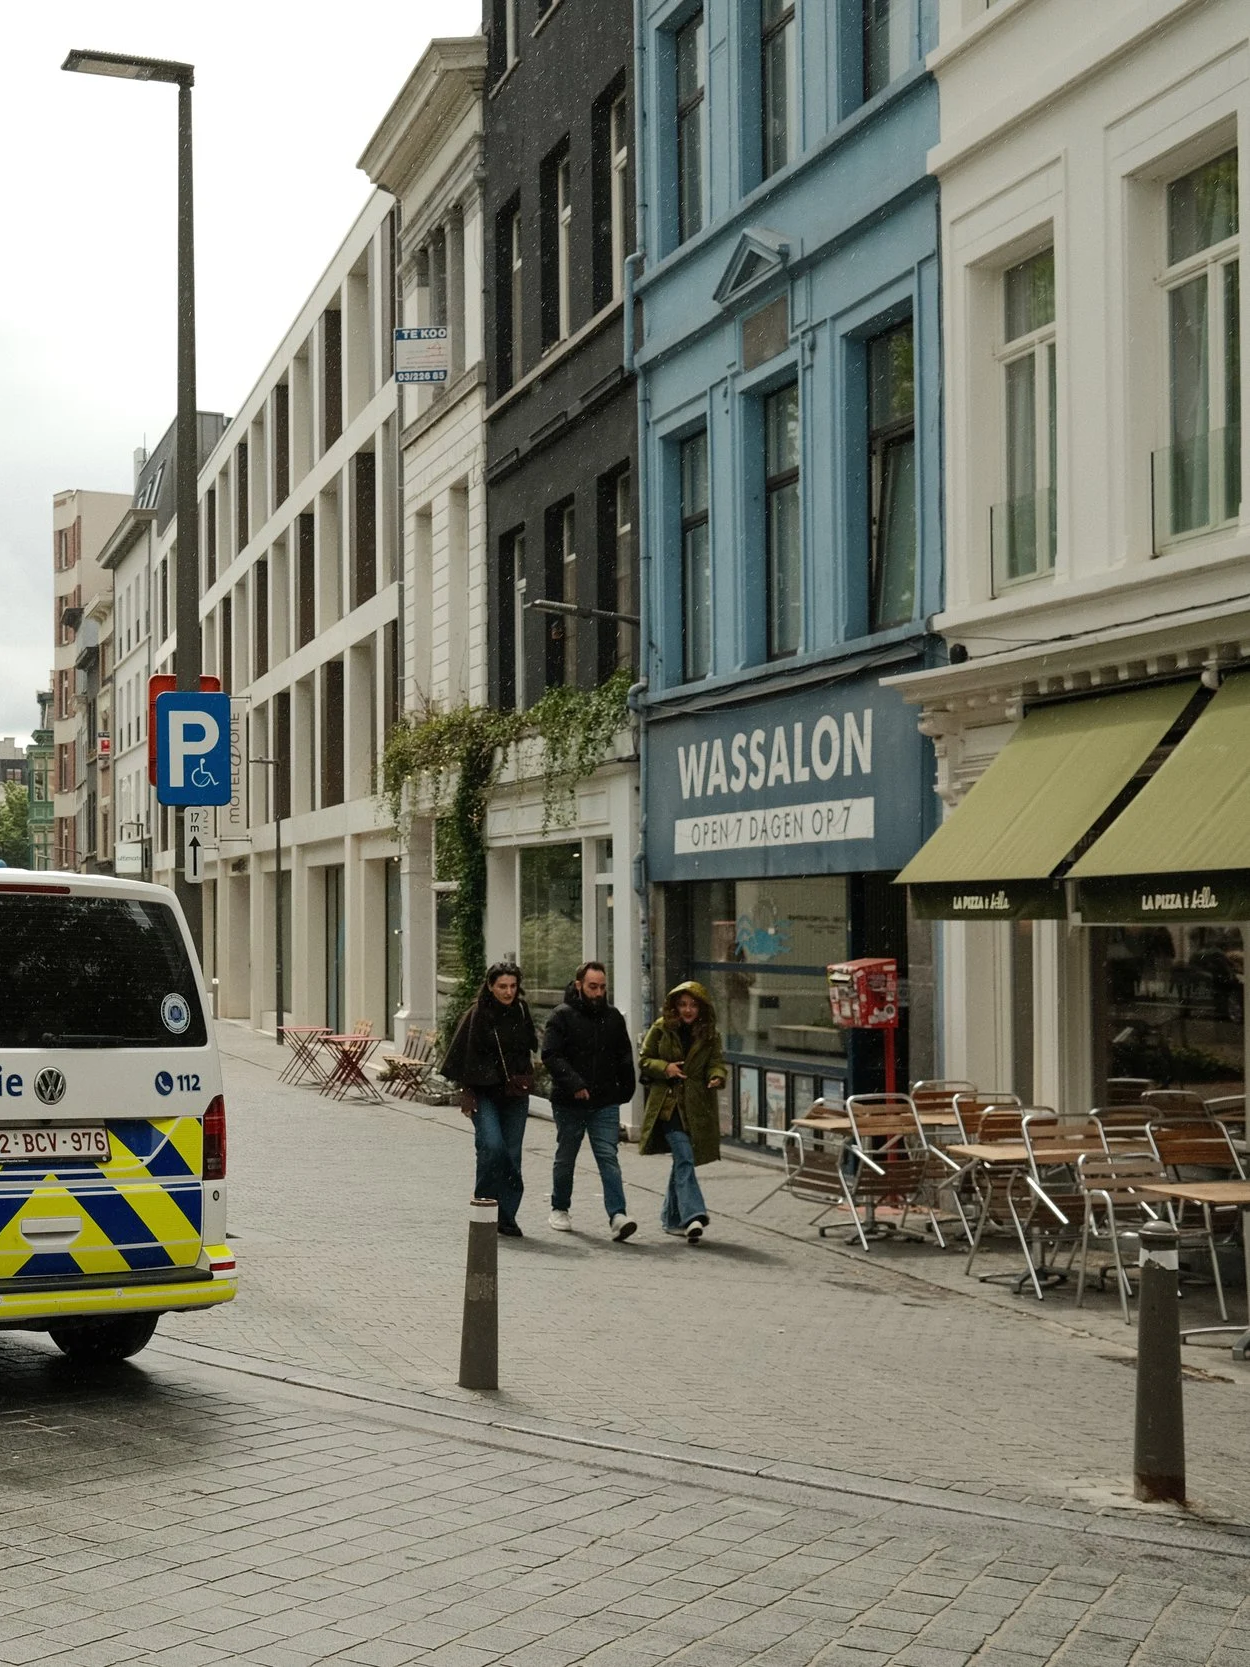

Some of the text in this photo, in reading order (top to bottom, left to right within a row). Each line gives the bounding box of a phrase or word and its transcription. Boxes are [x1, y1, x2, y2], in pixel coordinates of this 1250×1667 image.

[402, 329, 447, 339] TE KOO
[168, 710, 220, 788] P
[678, 708, 873, 800] WASSALON
[190, 812, 200, 823] 17
[691, 806, 852, 847] OPEN 7 DAGEN OP 7
[953, 896, 962, 909] LA
[963, 895, 984, 909] PIZZA
[1142, 894, 1154, 910] LA
[1155, 893, 1182, 910] PIZZA
[177, 1074, 201, 1092] 112
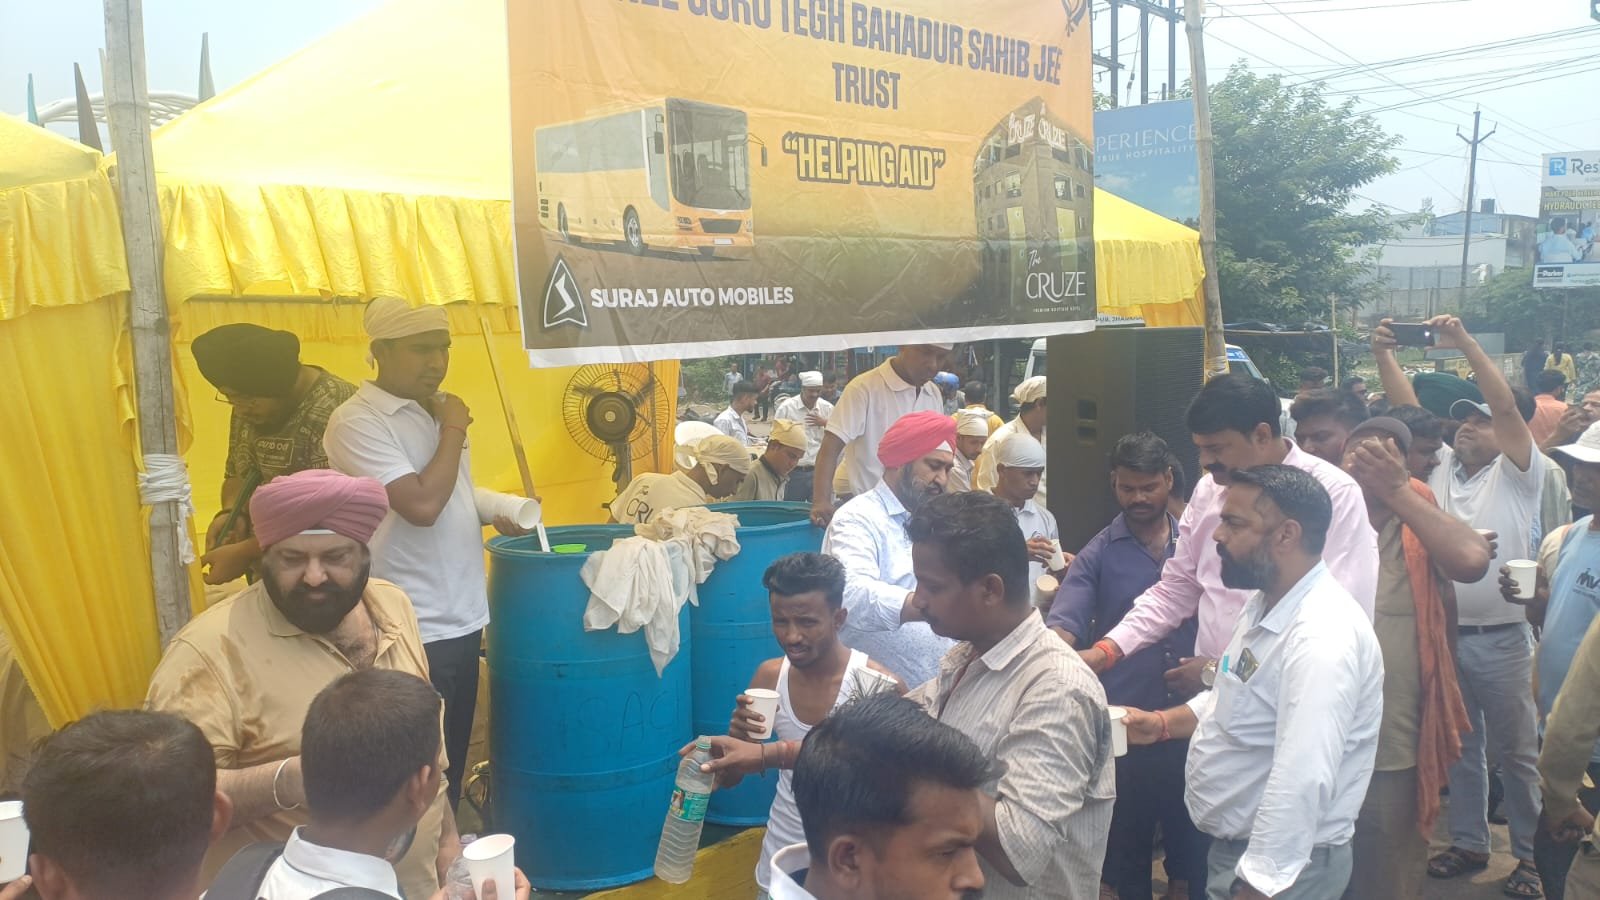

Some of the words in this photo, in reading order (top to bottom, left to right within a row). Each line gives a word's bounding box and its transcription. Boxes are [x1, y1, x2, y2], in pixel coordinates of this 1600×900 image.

[782, 0, 845, 43] TEGH
[852, 3, 963, 66] BAHADUR
[968, 28, 1030, 78] SAHIB
[1033, 44, 1063, 85] JEE
[832, 62, 900, 110] TRUST
[1126, 144, 1195, 159] HOSPITALITY
[1571, 158, 1600, 175] Res
[590, 288, 658, 308] SURAJ
[662, 287, 715, 307] AUTO
[718, 286, 794, 306] MOBILES
[1026, 271, 1086, 303] CRUZE

• _INSTRUCTIONS FOR THE TASK_
Only an exact copy of the records counts as an answer. Leave out the images.

• _RESPONSE TO THIS TASK_
Some of the text in this photo, in reading order (top to bottom, left to right within a row). Each line gives the bounding box of a phrase or word and its transcription. Boxes are [x1, y1, x2, y2], in pixel coordinates of this 1250×1667 image.

[402, 329, 447, 339] TE KOO
[168, 710, 220, 788] P
[678, 708, 873, 800] WASSALON
[190, 812, 200, 823] 17
[691, 806, 852, 847] OPEN 7 DAGEN OP 7
[953, 896, 962, 909] LA
[963, 895, 984, 909] PIZZA
[1142, 894, 1154, 910] LA
[1155, 893, 1182, 910] PIZZA
[177, 1074, 201, 1092] 112

Some of the words in this photo, in reading order (top to bottom, left to right within a row). Each line gives a word's bounding box and its transcription. Boxes are [x1, y1, x2, y2], in pixel coordinates of this 1600×900 image.

[782, 0, 845, 43] TEGH
[852, 3, 963, 66] BAHADUR
[968, 28, 1030, 78] SAHIB
[1033, 44, 1063, 85] JEE
[832, 62, 900, 110] TRUST
[1126, 144, 1195, 159] HOSPITALITY
[1571, 158, 1600, 175] Res
[590, 288, 658, 308] SURAJ
[662, 287, 715, 307] AUTO
[718, 286, 794, 306] MOBILES
[1026, 271, 1086, 303] CRUZE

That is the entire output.